Les 24 et 25 août 1498, Giovan Paulu di Leca débarque à Roccapina avec ses deux fils et quelques partisans. Il se rend chez l’un de ses fidèles, Amoroso de Vezzani, qui le dénoncera aux génois. Traqué par Gênes, sa tête est mise à prix 100 ducats. Les alliés corses de Gênes le combattent dont Rinuccio della Rocca. L’Office de Saint-Georges envoie Ambrogio de Negri et Gerolamo de Gentile pour diriger les troupes combattant Giovan Paulu di Leca. Ce dernier fait alliance avec Rinuccio de Leca, ancien allié de Rinuccio della Rocca.

Giovan Paulu di Leca est finalement battu et s’embarque pour Rome. Il se rendra en Sardaigne.

De retour de Sardaigne en 1501 et après avoir débarqué à Aléria, Giovan Paulu di Leca rallie successivement le Niolu où il recrute 200 Hommes, puis Evisa, avant de parcourir les villages de sa seigneurie et y recruter des partisans dans tout le vicolais, notamment à Letia qui fournira une nouvelle fois des hommes et des vivres. Il en est de même pour toutes les autres localités du vicolais qui rejoignent l’insurrection.

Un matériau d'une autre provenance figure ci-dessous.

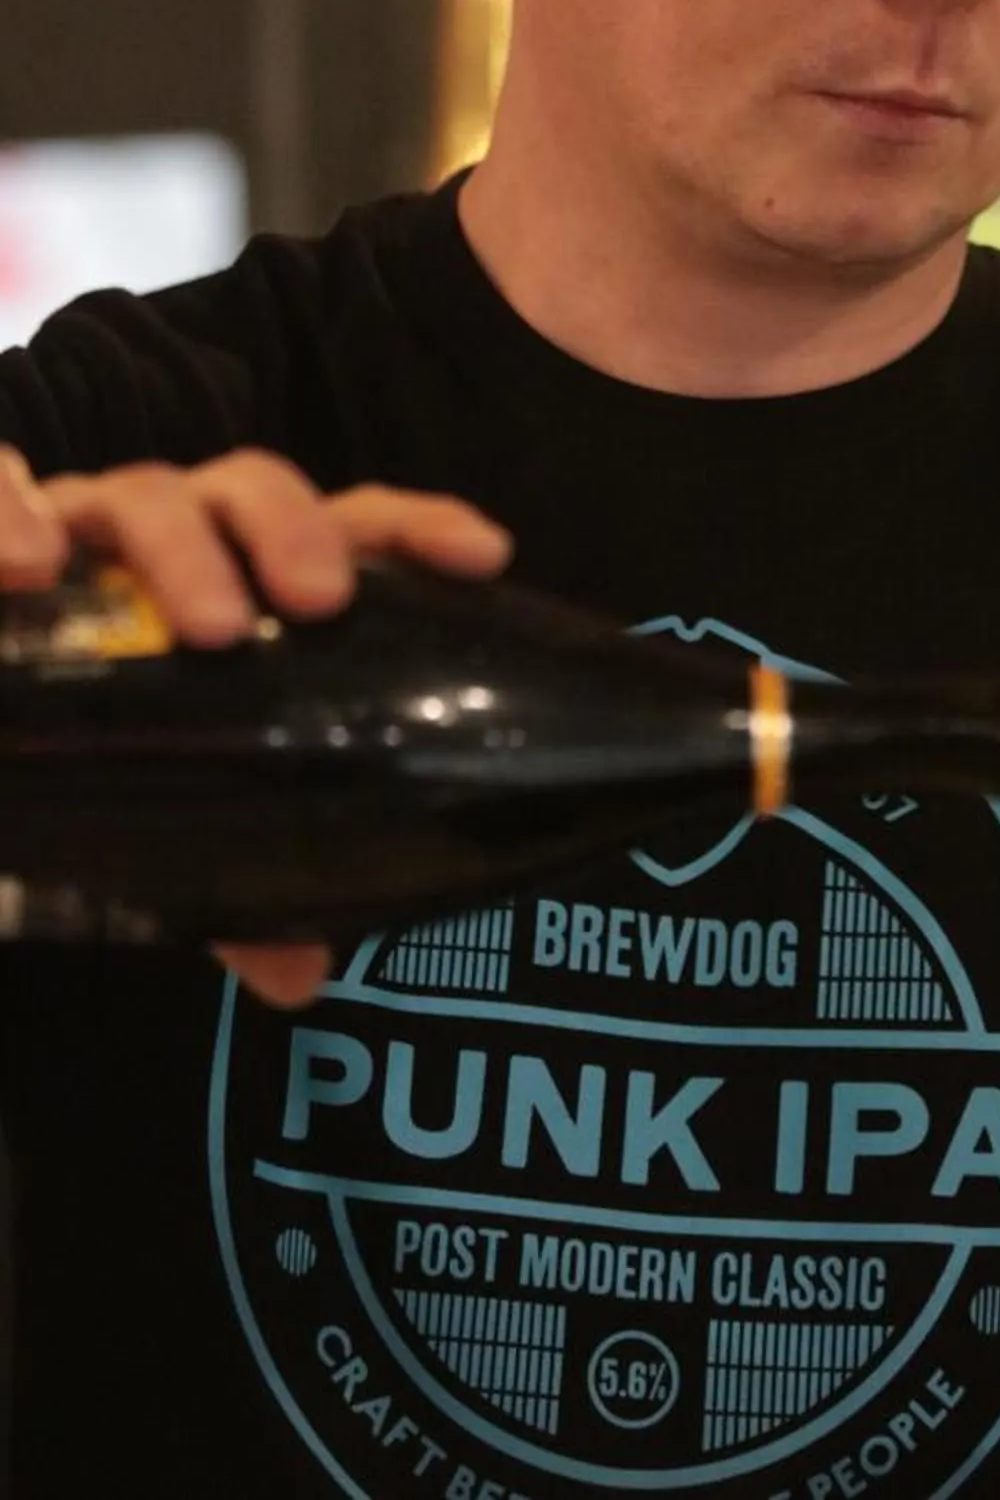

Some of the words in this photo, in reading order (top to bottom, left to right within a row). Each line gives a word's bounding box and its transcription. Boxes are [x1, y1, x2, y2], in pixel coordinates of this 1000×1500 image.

[533, 899, 798, 987] BREWDOG
[281, 1026, 725, 1193] PUNK
[394, 1220, 509, 1282] POST
[519, 1233, 697, 1303] MODERN
[711, 1251, 887, 1311] CLASSIC
[316, 1325, 447, 1477] CRAFT
[448, 1466, 531, 1500] BE
[806, 1368, 966, 1500] PEOPLE
[599, 1358, 668, 1400] 5.6%

Après divers combats au cours desquels il doit affronter à nouveau le gouverneur et chef du corps expéditionnaire génois, Ambrogio de Negri, débarqué en juin 1501 à Bastia avec pour mission de le réduire, Giovan Paulu di Leca(9) se réfugie dans le fort de la Zurlina (situé face à letia, sur le monte a u castellu, au-dessus du col de Sorru) d’où il négocie sa reddition, directement avec Ambroggio de Negri.

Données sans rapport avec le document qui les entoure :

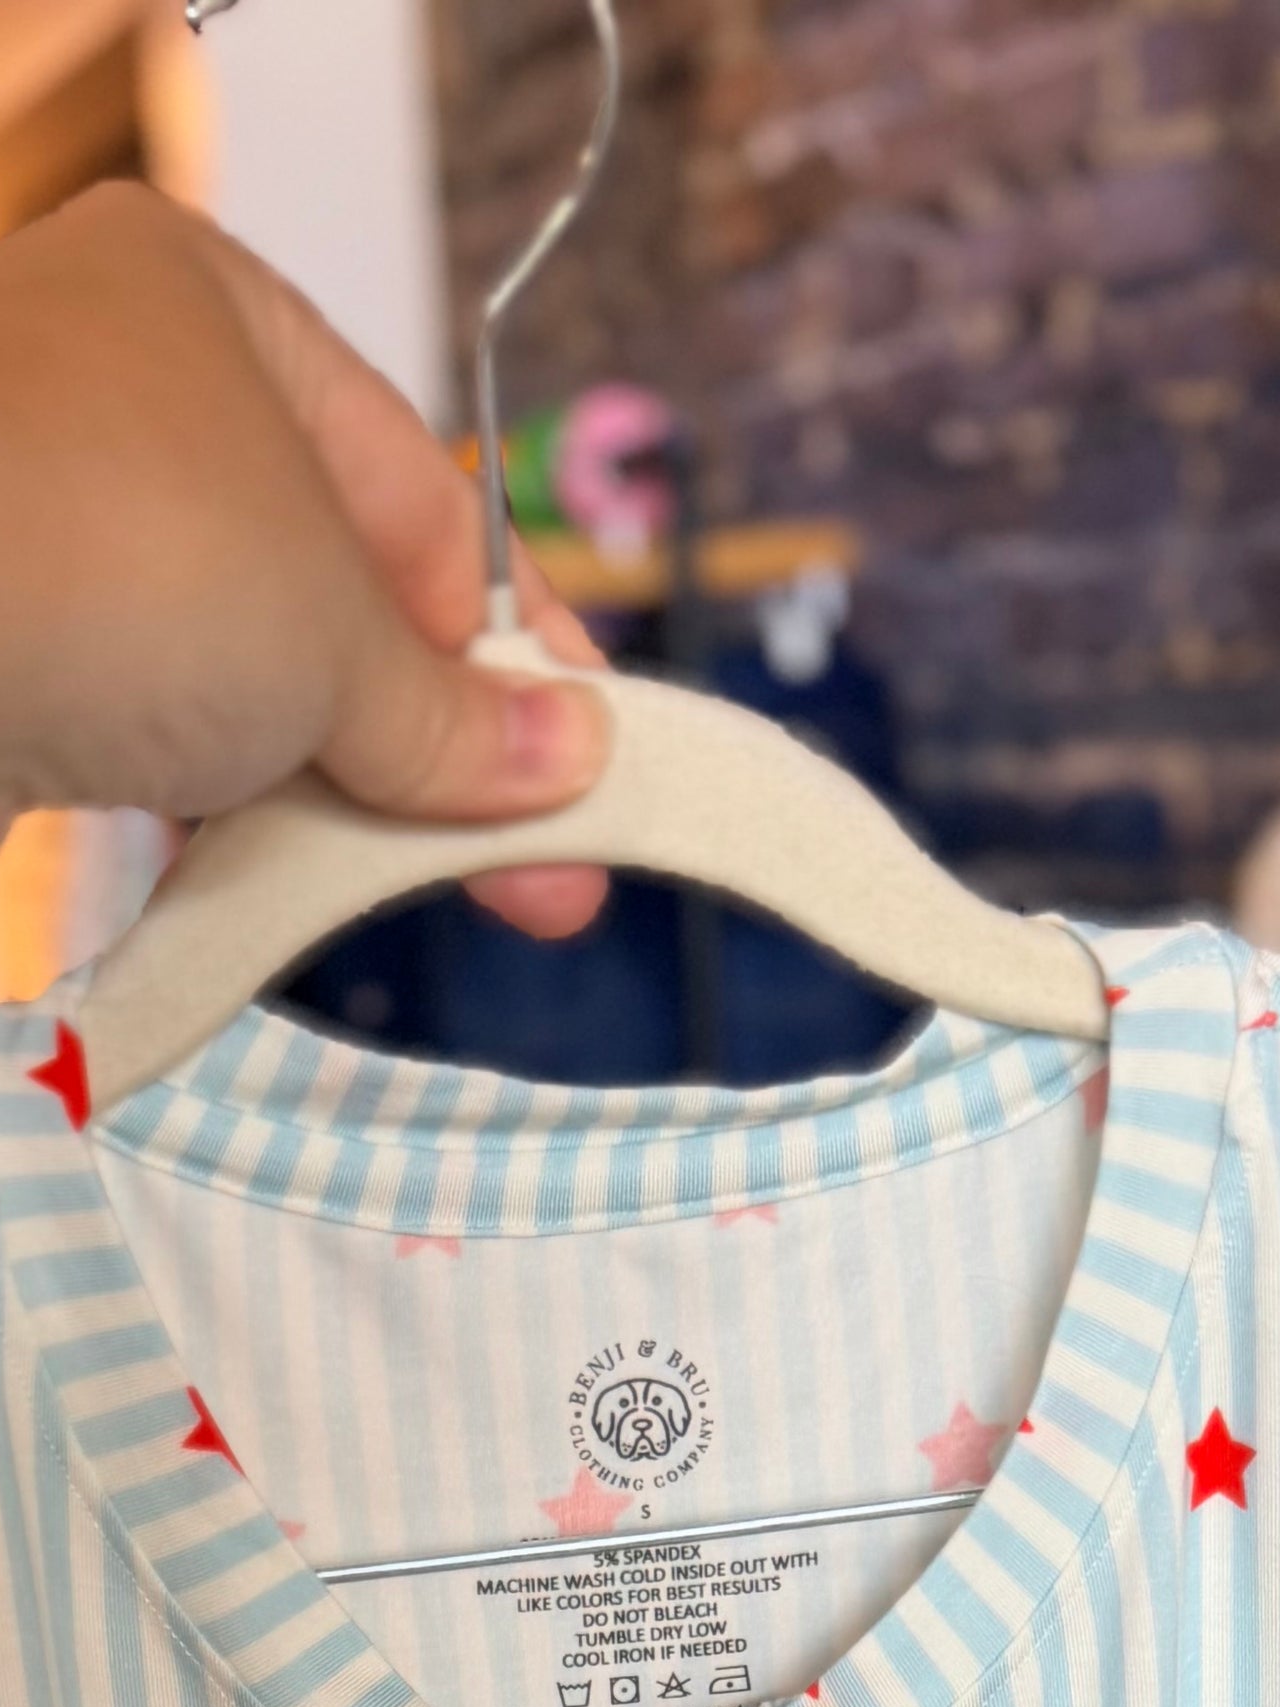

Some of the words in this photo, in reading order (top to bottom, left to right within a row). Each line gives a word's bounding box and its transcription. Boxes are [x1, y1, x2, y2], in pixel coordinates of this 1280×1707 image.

[569, 1343, 624, 1406] BENJI
[638, 1339, 657, 1357] &
[666, 1348, 710, 1396] BRU
[570, 1425, 644, 1491] CLOTHING
[654, 1417, 714, 1488] COMPANY
[640, 1504, 651, 1519] S
[593, 1550, 619, 1568] 5%
[623, 1545, 701, 1565] SPANDEX
[476, 1576, 559, 1595] MACHINE
[564, 1572, 615, 1589] WASH
[620, 1568, 666, 1585] COLD
[671, 1562, 726, 1580] INSIDE
[730, 1557, 767, 1574] OUT
[771, 1551, 818, 1571] WITH
[517, 1596, 551, 1612] LIKE
[556, 1591, 623, 1610] COLORS
[628, 1588, 661, 1603] FOR
[666, 1583, 706, 1600] BEST
[711, 1576, 781, 1596] RESULTS
[583, 1612, 608, 1627] DO
[613, 1608, 649, 1625] NOT
[654, 1602, 718, 1621] BLEACH
[575, 1628, 645, 1647] TUMBLE
[650, 1625, 683, 1642] DRY
[688, 1620, 727, 1638] LOW
[562, 1651, 609, 1668] COOL
[614, 1647, 655, 1664] IRON
[661, 1645, 675, 1660] IF
[680, 1638, 747, 1658] NEEDED

Après l’échec de la révolte, Giovan Paulu di Leca s'embarque à Calvi, en octobre 1501, pour s’exiler en Sardaigne. Le chef cinarchese décèdera à Rome en 1515 et sera inhumé dans la Basilique Saint Chrysogone (San Crisogono), lieu de sépulture de la colonie corse de Rome, où furent inhumés notamment les officiers de la garde papale corse (11) de 1506 à 1662, dans la ville éternelle.